*WHAT YOU WILL DO*
Exactly as given, transcribe each entry that follows.

*INFORMATION*
··········

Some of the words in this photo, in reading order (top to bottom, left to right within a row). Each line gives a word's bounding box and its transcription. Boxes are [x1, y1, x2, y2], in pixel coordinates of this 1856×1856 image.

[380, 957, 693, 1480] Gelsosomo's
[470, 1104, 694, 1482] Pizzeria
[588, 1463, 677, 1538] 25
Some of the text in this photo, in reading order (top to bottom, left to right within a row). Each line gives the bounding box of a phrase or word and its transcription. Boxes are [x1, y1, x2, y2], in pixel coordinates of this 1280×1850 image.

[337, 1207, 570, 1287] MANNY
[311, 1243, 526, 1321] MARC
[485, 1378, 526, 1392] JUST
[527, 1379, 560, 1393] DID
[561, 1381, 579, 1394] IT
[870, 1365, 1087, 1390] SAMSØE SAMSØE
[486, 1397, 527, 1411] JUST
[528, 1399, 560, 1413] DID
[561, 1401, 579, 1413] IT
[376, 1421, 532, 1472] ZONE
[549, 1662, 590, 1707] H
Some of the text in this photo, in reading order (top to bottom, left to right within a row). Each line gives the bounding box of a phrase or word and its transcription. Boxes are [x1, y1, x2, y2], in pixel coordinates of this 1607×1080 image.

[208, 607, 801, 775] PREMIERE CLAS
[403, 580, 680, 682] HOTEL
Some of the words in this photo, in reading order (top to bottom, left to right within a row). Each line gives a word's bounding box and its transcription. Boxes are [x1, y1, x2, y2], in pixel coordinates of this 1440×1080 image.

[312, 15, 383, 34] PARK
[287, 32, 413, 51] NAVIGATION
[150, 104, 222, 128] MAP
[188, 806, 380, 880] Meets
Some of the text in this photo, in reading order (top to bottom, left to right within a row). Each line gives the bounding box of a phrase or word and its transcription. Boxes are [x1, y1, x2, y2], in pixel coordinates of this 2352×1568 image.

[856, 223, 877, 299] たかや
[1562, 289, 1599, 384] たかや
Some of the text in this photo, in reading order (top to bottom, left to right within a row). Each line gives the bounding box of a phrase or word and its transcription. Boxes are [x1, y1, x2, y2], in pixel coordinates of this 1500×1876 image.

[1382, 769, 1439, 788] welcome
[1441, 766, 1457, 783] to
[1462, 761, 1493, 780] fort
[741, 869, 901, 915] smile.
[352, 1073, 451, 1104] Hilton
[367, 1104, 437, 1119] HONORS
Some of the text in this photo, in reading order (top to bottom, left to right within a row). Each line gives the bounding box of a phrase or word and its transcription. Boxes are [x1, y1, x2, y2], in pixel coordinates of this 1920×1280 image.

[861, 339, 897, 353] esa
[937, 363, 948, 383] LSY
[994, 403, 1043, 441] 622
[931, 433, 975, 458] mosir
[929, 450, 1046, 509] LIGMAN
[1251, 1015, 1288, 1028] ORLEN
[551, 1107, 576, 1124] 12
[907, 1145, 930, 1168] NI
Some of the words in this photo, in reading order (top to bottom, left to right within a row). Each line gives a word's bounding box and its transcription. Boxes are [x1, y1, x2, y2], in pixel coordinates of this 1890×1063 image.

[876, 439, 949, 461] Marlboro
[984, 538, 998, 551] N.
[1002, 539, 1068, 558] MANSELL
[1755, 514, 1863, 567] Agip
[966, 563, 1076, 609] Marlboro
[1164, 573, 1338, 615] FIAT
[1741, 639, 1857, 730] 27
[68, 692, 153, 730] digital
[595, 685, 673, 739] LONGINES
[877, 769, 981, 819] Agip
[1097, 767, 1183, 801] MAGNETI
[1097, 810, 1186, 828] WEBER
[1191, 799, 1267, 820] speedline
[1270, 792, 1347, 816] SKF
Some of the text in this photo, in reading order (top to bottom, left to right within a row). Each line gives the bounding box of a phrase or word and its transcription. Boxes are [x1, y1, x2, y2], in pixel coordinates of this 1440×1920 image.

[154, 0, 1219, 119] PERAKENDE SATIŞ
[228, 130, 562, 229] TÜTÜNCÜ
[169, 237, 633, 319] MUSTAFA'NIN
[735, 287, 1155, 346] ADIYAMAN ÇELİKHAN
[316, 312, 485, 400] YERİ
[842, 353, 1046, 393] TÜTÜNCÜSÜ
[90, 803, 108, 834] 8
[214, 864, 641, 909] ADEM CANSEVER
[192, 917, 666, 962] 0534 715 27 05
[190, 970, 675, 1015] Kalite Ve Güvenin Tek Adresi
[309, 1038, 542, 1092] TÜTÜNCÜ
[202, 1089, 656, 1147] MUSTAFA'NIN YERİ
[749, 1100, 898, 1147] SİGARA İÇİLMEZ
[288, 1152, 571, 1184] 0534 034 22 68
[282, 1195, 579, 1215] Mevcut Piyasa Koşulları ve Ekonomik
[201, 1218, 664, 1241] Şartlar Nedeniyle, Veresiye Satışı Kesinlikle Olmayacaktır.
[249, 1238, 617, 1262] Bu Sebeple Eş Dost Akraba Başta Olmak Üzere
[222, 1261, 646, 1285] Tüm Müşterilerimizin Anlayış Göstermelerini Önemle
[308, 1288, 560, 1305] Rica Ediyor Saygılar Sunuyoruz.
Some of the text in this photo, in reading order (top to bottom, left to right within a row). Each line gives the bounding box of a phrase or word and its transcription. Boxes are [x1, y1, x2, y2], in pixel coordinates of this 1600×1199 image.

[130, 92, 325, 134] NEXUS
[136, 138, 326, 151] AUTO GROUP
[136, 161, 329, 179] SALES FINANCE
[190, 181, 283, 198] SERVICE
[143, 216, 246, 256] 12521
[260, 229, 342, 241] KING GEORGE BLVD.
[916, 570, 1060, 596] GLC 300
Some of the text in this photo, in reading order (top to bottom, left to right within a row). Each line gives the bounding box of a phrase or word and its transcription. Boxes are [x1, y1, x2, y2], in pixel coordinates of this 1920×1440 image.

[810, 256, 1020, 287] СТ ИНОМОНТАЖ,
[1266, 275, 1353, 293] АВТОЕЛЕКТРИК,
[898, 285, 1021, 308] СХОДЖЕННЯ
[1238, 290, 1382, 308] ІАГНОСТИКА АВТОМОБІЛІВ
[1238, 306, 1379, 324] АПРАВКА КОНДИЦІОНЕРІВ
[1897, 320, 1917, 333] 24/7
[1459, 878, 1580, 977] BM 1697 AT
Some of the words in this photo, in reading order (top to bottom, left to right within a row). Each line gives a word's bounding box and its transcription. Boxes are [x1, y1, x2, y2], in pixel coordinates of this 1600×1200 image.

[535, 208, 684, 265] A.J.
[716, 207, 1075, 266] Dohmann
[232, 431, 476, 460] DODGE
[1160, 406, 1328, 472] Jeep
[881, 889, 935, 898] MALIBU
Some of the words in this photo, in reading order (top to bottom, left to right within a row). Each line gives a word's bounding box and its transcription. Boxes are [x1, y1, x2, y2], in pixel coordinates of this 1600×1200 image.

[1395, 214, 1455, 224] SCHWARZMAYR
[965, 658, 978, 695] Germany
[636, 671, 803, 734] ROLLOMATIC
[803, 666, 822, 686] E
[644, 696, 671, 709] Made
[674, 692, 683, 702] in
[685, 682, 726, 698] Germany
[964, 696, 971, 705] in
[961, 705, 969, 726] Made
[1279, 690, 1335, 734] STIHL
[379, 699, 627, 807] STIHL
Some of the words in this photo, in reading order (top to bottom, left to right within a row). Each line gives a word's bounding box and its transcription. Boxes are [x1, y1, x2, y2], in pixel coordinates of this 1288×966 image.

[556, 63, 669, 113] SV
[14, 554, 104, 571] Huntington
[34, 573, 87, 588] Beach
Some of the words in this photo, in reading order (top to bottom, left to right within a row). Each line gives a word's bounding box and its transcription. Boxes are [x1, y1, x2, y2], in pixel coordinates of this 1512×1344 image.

··········

*SOLUTION BELOW*
Some of the words in this photo, in reading order (top to bottom, left to right within a row). Each line gives a word's bounding box and its transcription. Boxes are [x1, y1, x2, y2], in pixel coordinates of this 1856×1856 image.

[380, 957, 693, 1480] Gelsosomo's
[470, 1104, 694, 1482] Pizzeria
[588, 1463, 677, 1538] 25
Some of the text in this photo, in reading order (top to bottom, left to right within a row). Each line gives the bounding box of a phrase or word and its transcription. Boxes are [x1, y1, x2, y2], in pixel coordinates of this 1280×1850 image.

[337, 1207, 570, 1287] MANNY
[311, 1243, 526, 1321] MARC
[485, 1378, 526, 1392] JUST
[527, 1379, 560, 1393] DID
[561, 1381, 579, 1394] IT
[870, 1365, 1087, 1390] SAMSØE SAMSØE
[486, 1397, 527, 1411] JUST
[528, 1399, 560, 1413] DID
[561, 1401, 579, 1413] IT
[376, 1421, 532, 1472] ZONE
[549, 1662, 590, 1707] H
Some of the text in this photo, in reading order (top to bottom, left to right within a row). Each line gives the bounding box of a phrase or word and its transcription. Boxes are [x1, y1, x2, y2], in pixel coordinates of this 1607×1080 image.

[208, 607, 801, 775] PREMIERE CLAS
[403, 580, 680, 682] HOTEL
Some of the words in this photo, in reading order (top to bottom, left to right within a row). Each line gives a word's bounding box and its transcription. Boxes are [x1, y1, x2, y2], in pixel coordinates of this 1440×1080 image.

[312, 15, 383, 34] PARK
[287, 32, 413, 51] NAVIGATION
[150, 104, 222, 128] MAP
[188, 806, 380, 880] Meets
Some of the text in this photo, in reading order (top to bottom, left to right within a row). Each line gives the bounding box of a phrase or word and its transcription. Boxes are [x1, y1, x2, y2], in pixel coordinates of this 2352×1568 image.

[856, 223, 877, 299] たかや
[1562, 289, 1599, 384] たかや
Some of the text in this photo, in reading order (top to bottom, left to right within a row). Each line gives the bounding box of a phrase or word and its transcription. Boxes are [x1, y1, x2, y2], in pixel coordinates of this 1500×1876 image.

[1382, 769, 1439, 788] welcome
[1441, 766, 1457, 783] to
[1462, 761, 1493, 780] fort
[741, 869, 901, 915] smile.
[352, 1073, 451, 1104] Hilton
[367, 1104, 437, 1119] HONORS
Some of the text in this photo, in reading order (top to bottom, left to right within a row). Each line gives the bounding box of a phrase or word and its transcription. Boxes are [x1, y1, x2, y2], in pixel coordinates of this 1920×1280 image.

[861, 339, 897, 353] esa
[937, 363, 948, 383] LSY
[994, 403, 1043, 441] 622
[931, 433, 975, 458] mosir
[929, 450, 1046, 509] LIGMAN
[1251, 1015, 1288, 1028] ORLEN
[551, 1107, 576, 1124] 12
[907, 1145, 930, 1168] NI
Some of the words in this photo, in reading order (top to bottom, left to right within a row). Each line gives a word's bounding box and its transcription. Boxes are [x1, y1, x2, y2], in pixel coordinates of this 1890×1063 image.

[876, 439, 949, 461] Marlboro
[984, 538, 998, 551] N.
[1002, 539, 1068, 558] MANSELL
[1755, 514, 1863, 567] Agip
[966, 563, 1076, 609] Marlboro
[1164, 573, 1338, 615] FIAT
[1741, 639, 1857, 730] 27
[68, 692, 153, 730] digital
[595, 685, 673, 739] LONGINES
[877, 769, 981, 819] Agip
[1097, 767, 1183, 801] MAGNETI
[1097, 810, 1186, 828] WEBER
[1191, 799, 1267, 820] speedline
[1270, 792, 1347, 816] SKF
Some of the text in this photo, in reading order (top to bottom, left to right within a row). Each line gives the bounding box of a phrase or word and its transcription. Boxes are [x1, y1, x2, y2], in pixel coordinates of this 1440×1920 image.

[154, 0, 1219, 119] PERAKENDE SATIŞ
[228, 130, 562, 229] TÜTÜNCÜ
[169, 237, 633, 319] MUSTAFA'NIN
[735, 287, 1155, 346] ADIYAMAN ÇELİKHAN
[316, 312, 485, 400] YERİ
[842, 353, 1046, 393] TÜTÜNCÜSÜ
[90, 803, 108, 834] 8
[214, 864, 641, 909] ADEM CANSEVER
[192, 917, 666, 962] 0534 715 27 05
[190, 970, 675, 1015] Kalite Ve Güvenin Tek Adresi
[309, 1038, 542, 1092] TÜTÜNCÜ
[202, 1089, 656, 1147] MUSTAFA'NIN YERİ
[749, 1100, 898, 1147] SİGARA İÇİLMEZ
[288, 1152, 571, 1184] 0534 034 22 68
[282, 1195, 579, 1215] Mevcut Piyasa Koşulları ve Ekonomik
[201, 1218, 664, 1241] Şartlar Nedeniyle, Veresiye Satışı Kesinlikle Olmayacaktır.
[249, 1238, 617, 1262] Bu Sebeple Eş Dost Akraba Başta Olmak Üzere
[222, 1261, 646, 1285] Tüm Müşterilerimizin Anlayış Göstermelerini Önemle
[308, 1288, 560, 1305] Rica Ediyor Saygılar Sunuyoruz.
Some of the text in this photo, in reading order (top to bottom, left to right within a row). Each line gives the bounding box of a phrase or word and its transcription. Boxes are [x1, y1, x2, y2], in pixel coordinates of this 1600×1199 image.

[130, 92, 325, 134] NEXUS
[136, 138, 326, 151] AUTO GROUP
[136, 161, 329, 179] SALES FINANCE
[190, 181, 283, 198] SERVICE
[143, 216, 246, 256] 12521
[260, 229, 342, 241] KING GEORGE BLVD.
[916, 570, 1060, 596] GLC 300
Some of the text in this photo, in reading order (top to bottom, left to right within a row). Each line gives the bounding box of a phrase or word and its transcription. Boxes are [x1, y1, x2, y2], in pixel coordinates of this 1920×1440 image.

[810, 256, 1020, 287] СТ ИНОМОНТАЖ,
[1266, 275, 1353, 293] АВТОЕЛЕКТРИК,
[898, 285, 1021, 308] СХОДЖЕННЯ
[1238, 290, 1382, 308] ІАГНОСТИКА АВТОМОБІЛІВ
[1238, 306, 1379, 324] АПРАВКА КОНДИЦІОНЕРІВ
[1897, 320, 1917, 333] 24/7
[1459, 878, 1580, 977] BM 1697 AT
Some of the words in this photo, in reading order (top to bottom, left to right within a row). Each line gives a word's bounding box and its transcription. Boxes are [x1, y1, x2, y2], in pixel coordinates of this 1600×1200 image.

[535, 208, 684, 265] A.J.
[716, 207, 1075, 266] Dohmann
[232, 431, 476, 460] DODGE
[1160, 406, 1328, 472] Jeep
[881, 889, 935, 898] MALIBU
Some of the words in this photo, in reading order (top to bottom, left to right within a row). Each line gives a word's bounding box and its transcription. Boxes are [x1, y1, x2, y2], in pixel coordinates of this 1600×1200 image.

[1395, 214, 1455, 224] SCHWARZMAYR
[965, 658, 978, 695] Germany
[636, 671, 803, 734] ROLLOMATIC
[803, 666, 822, 686] E
[644, 696, 671, 709] Made
[674, 692, 683, 702] in
[685, 682, 726, 698] Germany
[964, 696, 971, 705] in
[961, 705, 969, 726] Made
[1279, 690, 1335, 734] STIHL
[379, 699, 627, 807] STIHL
Some of the words in this photo, in reading order (top to bottom, left to right within a row). Each line gives a word's bounding box and its transcription. Boxes are [x1, y1, x2, y2], in pixel coordinates of this 1288×966 image.

[556, 63, 669, 113] SV
[14, 554, 104, 571] Huntington
[34, 573, 87, 588] Beach
Some of the words in this photo, in reading order (top to bottom, left to right within a row). Each line gives a word's bounding box and its transcription. Boxes are [x1, y1, x2, y2], in pixel coordinates of this 1512×1344 image.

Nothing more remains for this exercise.